──────── Extracted information ────────

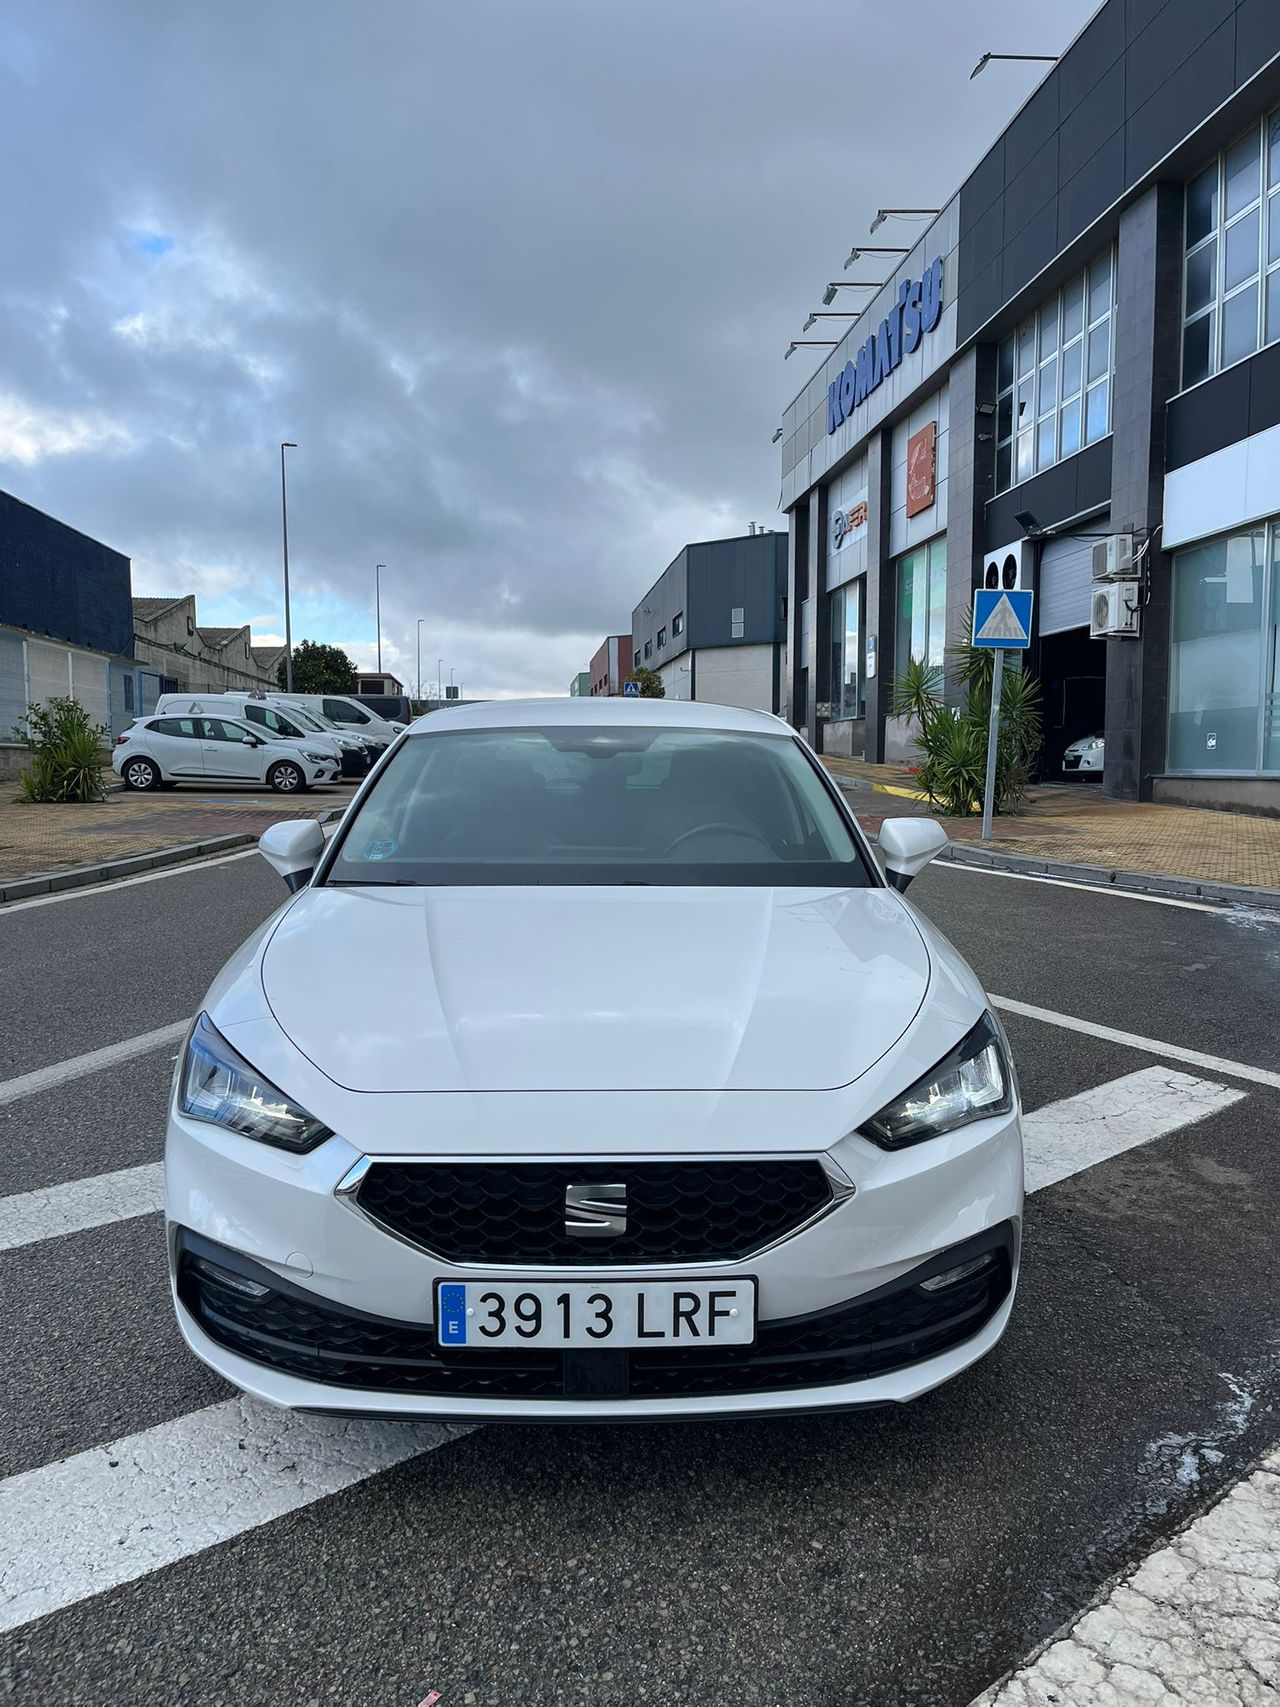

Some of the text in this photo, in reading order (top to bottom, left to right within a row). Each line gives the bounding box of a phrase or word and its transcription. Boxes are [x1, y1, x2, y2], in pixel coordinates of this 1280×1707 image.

[828, 255, 943, 435] KOMATSU
[449, 1321, 459, 1334] E
[478, 1290, 737, 1339] 3913 LRF
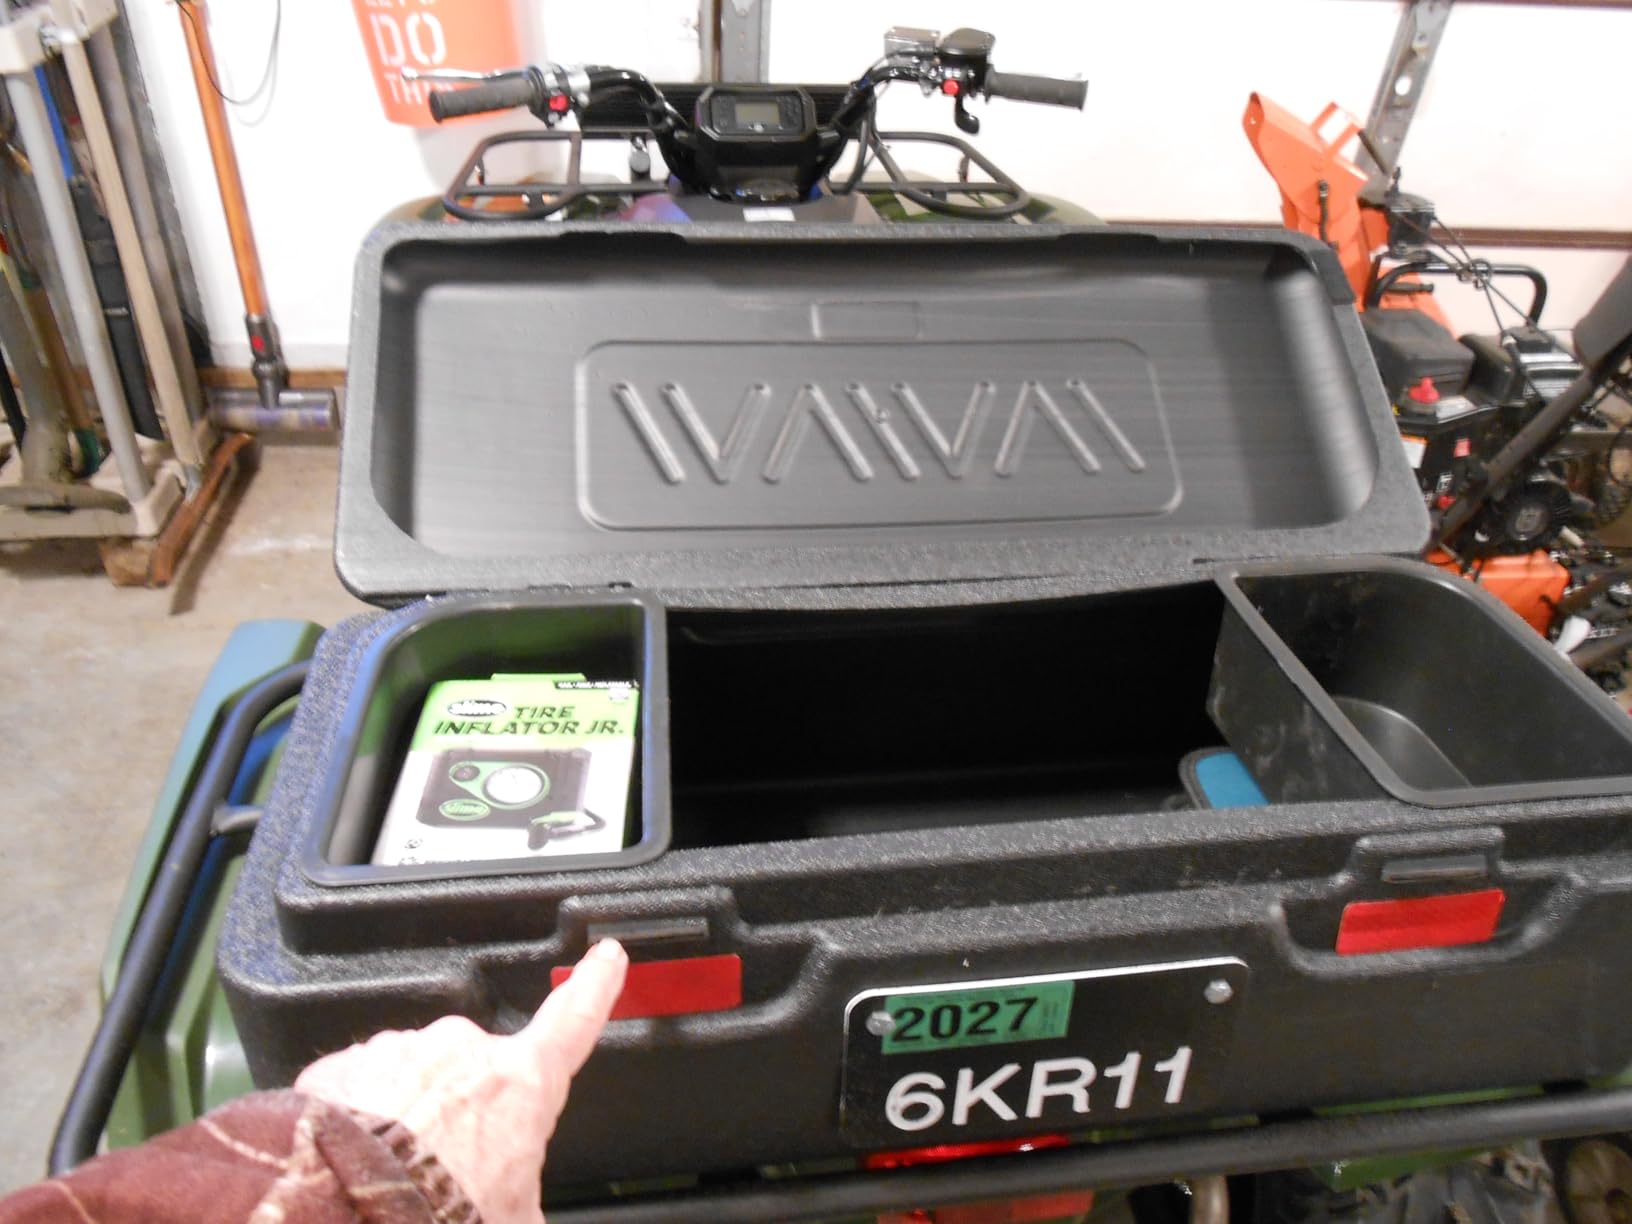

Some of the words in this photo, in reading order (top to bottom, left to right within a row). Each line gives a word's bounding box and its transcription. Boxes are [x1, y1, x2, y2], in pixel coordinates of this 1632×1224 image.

[370, 12, 446, 66] DO
[434, 720, 579, 735] INFLATOR
[585, 719, 624, 735] JR.
[514, 705, 575, 719] TIRE
[892, 996, 1039, 1042] 2027
[885, 1046, 1192, 1131] 6KR11

────────

# [Exercise instructions]
Copy these entries precisely and drop any picture.

# [Response area]
Some of the text in this photo, in reading order (top to bottom, left to right within a row). Each line gives the bounding box of a phrase or word and its transcription. Boxes are [x1, y1, x2, y2], in pixel coordinates of this 1280×1707 image.

[828, 255, 943, 435] KOMATSU
[449, 1321, 459, 1334] E
[478, 1290, 737, 1339] 3913 LRF

Some of the words in this photo, in reading order (top to bottom, left to right within a row). Each line gives a word's bounding box and its transcription. Boxes are [x1, y1, x2, y2], in pixel coordinates of this 1632×1224 image.

[370, 12, 446, 66] DO
[434, 720, 579, 735] INFLATOR
[585, 719, 624, 735] JR.
[514, 705, 575, 719] TIRE
[892, 996, 1039, 1042] 2027
[885, 1046, 1192, 1131] 6KR11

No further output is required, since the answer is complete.